Comment by infecto

Comment by infecto 6 days ago

24 replies

I am not sure why this was flagged but I don’t think it’s wrong. I am not sure if it’s a uniquely American thing but the internet has caused an unfortunate case of brigading for almost anything. I like to think I sit fairly middle in a lot of American topics I lean left on some items, taxes, healthcare, free school lunches and right on others but I remember how easy it was a number of years ago to be labeled a racist. You really cannot have an opinion about much these days without someone labeling you something unfavorably. It’s unfortunate.

pjc50 6 days ago

Ironically, "labelling" someone else is an act of free speech as much as anything else.

  • infecto 6 days ago

    I don’t think it’s ironic and my point was not the act of labeling itself but more of how America has become a brigading culture. Free speech should be protected, even for things that we know are wrong but we have this decay of the internet and culture where you are either with someone or against them.

    • pjc50 5 days ago

      But that's my point: what you call "brigading" is other people using their free speech in a way you don't like.

      • infecto 5 days ago

        I think we are talking past each other a bit.

        I am not objecting to people expressing disagreement or labeling as an abstract exercise of free speech. I am pointing to a pattern that has become common online where disagreement quickly turns into coordinated pile-ons, identity assignment, and social signaling rather than substantive engagement with the argument itself.

        Free speech protects the right to do that, but it does not mean the behavior is healthy or productive. When discourse collapses into binary alignment where nuance is treated as hostility, it discourages honest participation and pushes people toward silence or extremes.

        So yes, others are exercising free speech.

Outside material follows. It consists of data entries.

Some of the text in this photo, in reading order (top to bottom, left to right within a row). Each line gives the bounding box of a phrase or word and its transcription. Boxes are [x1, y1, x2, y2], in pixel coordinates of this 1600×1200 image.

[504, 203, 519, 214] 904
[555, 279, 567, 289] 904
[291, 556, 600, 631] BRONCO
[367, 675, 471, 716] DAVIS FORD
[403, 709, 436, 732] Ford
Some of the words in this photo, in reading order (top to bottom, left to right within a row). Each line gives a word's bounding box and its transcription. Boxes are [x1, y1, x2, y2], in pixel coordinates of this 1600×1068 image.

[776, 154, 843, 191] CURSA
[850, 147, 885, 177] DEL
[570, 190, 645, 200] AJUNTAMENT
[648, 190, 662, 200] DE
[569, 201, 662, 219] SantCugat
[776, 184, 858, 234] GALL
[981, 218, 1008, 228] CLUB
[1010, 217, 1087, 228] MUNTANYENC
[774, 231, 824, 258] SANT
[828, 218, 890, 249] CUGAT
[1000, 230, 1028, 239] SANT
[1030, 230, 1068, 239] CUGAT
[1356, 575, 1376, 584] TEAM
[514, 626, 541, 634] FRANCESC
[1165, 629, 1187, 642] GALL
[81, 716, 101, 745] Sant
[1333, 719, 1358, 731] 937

My concern is about the cultural outcome of how that speech is increasingly used, not whether it is permitted.

        Increasingly society in America is either you are with us or not and at least for me my view of the world is more nuanced and day to day.

JKCalhoun 6 days ago

"Labelling" is different than censorship though, no?

  • infecto 5 days ago

    I think it’s all part of the same culture of brigading. My comment was more an extension of thought to the parents that America has gone down a hole where dialogue no longer exists.

watwut 5 days ago

> You really cannot have an opinion about much these days without someone labeling you something unfavorably. It’s unfortunate.

That is free speech. And the violence you see is direct consequence of a culture that tuts tuts "this is rude" when someone says "these right wing people are fascists" rather then look at what those right wing people openly talk about.

  • infecto 5 days ago

    It is but you’re missing the point. Just because something is free speech does not make it any less unfortunate. It’s pretty clear in some of the threads here how polarizing things have become.

lyu07282 6 days ago

[flagged]

  • infecto 5 days ago

    I am going to vouch for this comment because this is a great example of what I was describing. People jump to whatever conclusion they want and you are either with them or without. It’s sad what has come to be in society.

    • dmit 5 days ago

      People jump to the conclusion because a lot of the time they've had this exact argument already, and they know how it tends to end.

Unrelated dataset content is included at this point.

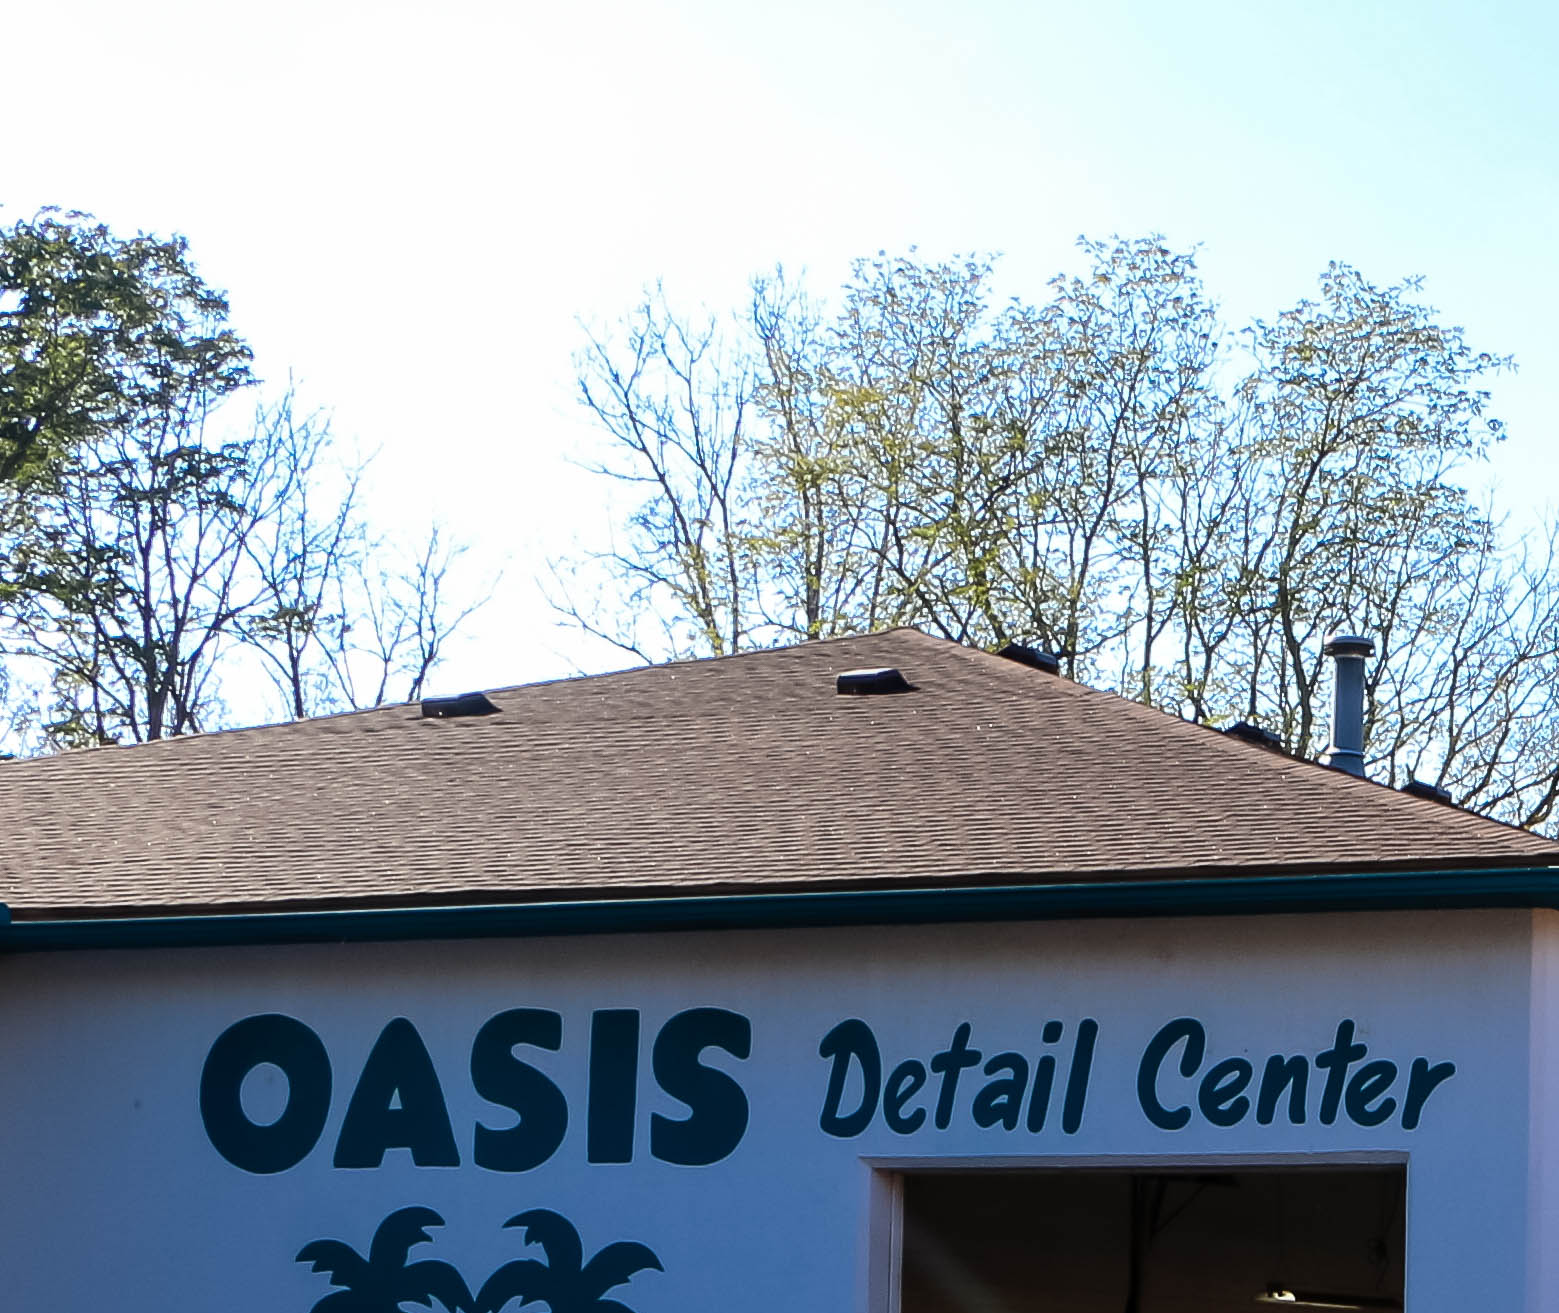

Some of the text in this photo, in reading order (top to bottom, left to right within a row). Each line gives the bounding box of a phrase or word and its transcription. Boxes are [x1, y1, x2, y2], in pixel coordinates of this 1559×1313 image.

[199, 1006, 752, 1175] OASIS
[818, 1016, 1457, 1138] Detail Center

      Proclaiming oneself a centrist might seem like a noble, moderate position. But in 2026, with the Overton window basically being shifted outside the frame?

      • infecto 5 days ago

        What argument are we having? I see someone struggling to hold their own words steady, and you claiming that I am proclaiming something when I only mentioned it because of this exact problem. I do not really think of myself as left or right within the current American political system. I do not follow either political party, and my opinions often zig zag across existing party lines. If anything, maybe “centrist” is the wrong or overly loaded word. I do not follow any particular political movement in America.

        The point still stands brigading is a massive problem in America.